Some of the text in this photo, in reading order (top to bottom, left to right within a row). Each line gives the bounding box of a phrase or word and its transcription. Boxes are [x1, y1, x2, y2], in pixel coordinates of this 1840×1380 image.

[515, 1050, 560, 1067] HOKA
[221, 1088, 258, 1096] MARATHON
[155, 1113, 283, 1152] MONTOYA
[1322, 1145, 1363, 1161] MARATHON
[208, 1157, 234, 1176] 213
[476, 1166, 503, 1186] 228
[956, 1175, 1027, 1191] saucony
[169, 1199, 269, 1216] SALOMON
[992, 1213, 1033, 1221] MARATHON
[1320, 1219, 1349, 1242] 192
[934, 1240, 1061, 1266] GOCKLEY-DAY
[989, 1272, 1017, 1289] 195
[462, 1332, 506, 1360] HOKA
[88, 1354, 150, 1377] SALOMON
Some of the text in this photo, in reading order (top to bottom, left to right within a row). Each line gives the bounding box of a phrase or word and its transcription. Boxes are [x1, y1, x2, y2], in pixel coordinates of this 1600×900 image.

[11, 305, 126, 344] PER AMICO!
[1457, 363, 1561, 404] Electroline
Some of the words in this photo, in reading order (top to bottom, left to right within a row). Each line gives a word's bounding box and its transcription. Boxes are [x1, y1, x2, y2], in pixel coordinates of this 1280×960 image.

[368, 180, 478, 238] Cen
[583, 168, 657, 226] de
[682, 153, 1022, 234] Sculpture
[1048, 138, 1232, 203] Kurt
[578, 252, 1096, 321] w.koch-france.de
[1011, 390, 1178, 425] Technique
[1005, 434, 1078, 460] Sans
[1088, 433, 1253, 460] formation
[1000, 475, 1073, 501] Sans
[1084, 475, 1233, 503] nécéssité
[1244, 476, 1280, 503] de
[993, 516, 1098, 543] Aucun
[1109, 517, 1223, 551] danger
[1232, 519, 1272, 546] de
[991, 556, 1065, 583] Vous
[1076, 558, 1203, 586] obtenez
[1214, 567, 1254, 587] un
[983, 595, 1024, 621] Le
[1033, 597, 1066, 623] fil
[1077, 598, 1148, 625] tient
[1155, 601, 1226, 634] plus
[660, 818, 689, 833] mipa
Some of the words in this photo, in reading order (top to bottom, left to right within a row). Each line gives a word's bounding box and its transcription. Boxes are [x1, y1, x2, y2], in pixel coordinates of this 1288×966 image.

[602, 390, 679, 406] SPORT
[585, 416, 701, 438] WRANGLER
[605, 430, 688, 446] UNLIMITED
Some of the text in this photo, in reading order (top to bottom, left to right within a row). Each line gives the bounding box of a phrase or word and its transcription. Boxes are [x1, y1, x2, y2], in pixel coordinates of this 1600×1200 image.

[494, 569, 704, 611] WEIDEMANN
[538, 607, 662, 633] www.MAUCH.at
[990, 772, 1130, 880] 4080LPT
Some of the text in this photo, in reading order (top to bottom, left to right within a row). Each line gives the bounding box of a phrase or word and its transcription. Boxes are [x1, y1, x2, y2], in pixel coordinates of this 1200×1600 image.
· · ·
For the records above, restate every line word for word.

Some of the text in this photo, in reading order (top to bottom, left to right within a row). Each line gives the bounding box of a phrase or word and its transcription. Boxes are [x1, y1, x2, y2], in pixel coordinates of this 1840×1380 image.

[515, 1050, 560, 1067] HOKA
[221, 1088, 258, 1096] MARATHON
[155, 1113, 283, 1152] MONTOYA
[1322, 1145, 1363, 1161] MARATHON
[208, 1157, 234, 1176] 213
[476, 1166, 503, 1186] 228
[956, 1175, 1027, 1191] saucony
[169, 1199, 269, 1216] SALOMON
[992, 1213, 1033, 1221] MARATHON
[1320, 1219, 1349, 1242] 192
[934, 1240, 1061, 1266] GOCKLEY-DAY
[989, 1272, 1017, 1289] 195
[462, 1332, 506, 1360] HOKA
[88, 1354, 150, 1377] SALOMON
Some of the text in this photo, in reading order (top to bottom, left to right within a row). Each line gives the bounding box of a phrase or word and its transcription. Boxes are [x1, y1, x2, y2], in pixel coordinates of this 1600×900 image.

[11, 305, 126, 344] PER AMICO!
[1457, 363, 1561, 404] Electroline
Some of the words in this photo, in reading order (top to bottom, left to right within a row). Each line gives a word's bounding box and its transcription. Boxes are [x1, y1, x2, y2], in pixel coordinates of this 1280×960 image.

[368, 180, 478, 238] Cen
[583, 168, 657, 226] de
[682, 153, 1022, 234] Sculpture
[1048, 138, 1232, 203] Kurt
[578, 252, 1096, 321] w.koch-france.de
[1011, 390, 1178, 425] Technique
[1005, 434, 1078, 460] Sans
[1088, 433, 1253, 460] formation
[1000, 475, 1073, 501] Sans
[1084, 475, 1233, 503] nécéssité
[1244, 476, 1280, 503] de
[993, 516, 1098, 543] Aucun
[1109, 517, 1223, 551] danger
[1232, 519, 1272, 546] de
[991, 556, 1065, 583] Vous
[1076, 558, 1203, 586] obtenez
[1214, 567, 1254, 587] un
[983, 595, 1024, 621] Le
[1033, 597, 1066, 623] fil
[1077, 598, 1148, 625] tient
[1155, 601, 1226, 634] plus
[660, 818, 689, 833] mipa
Some of the words in this photo, in reading order (top to bottom, left to right within a row). Each line gives a word's bounding box and its transcription. Boxes are [x1, y1, x2, y2], in pixel coordinates of this 1288×966 image.

[602, 390, 679, 406] SPORT
[585, 416, 701, 438] WRANGLER
[605, 430, 688, 446] UNLIMITED
Some of the text in this photo, in reading order (top to bottom, left to right within a row). Each line gives the bounding box of a phrase or word and its transcription. Boxes are [x1, y1, x2, y2], in pixel coordinates of this 1600×1200 image.

[494, 569, 704, 611] WEIDEMANN
[538, 607, 662, 633] www.MAUCH.at
[990, 772, 1130, 880] 4080LPT
Some of the text in this photo, in reading order (top to bottom, left to right within a row). Each line gives the bounding box of a phrase or word and its transcription. Boxes are [x1, y1, x2, y2], in pixel coordinates of this 1200×1600 image.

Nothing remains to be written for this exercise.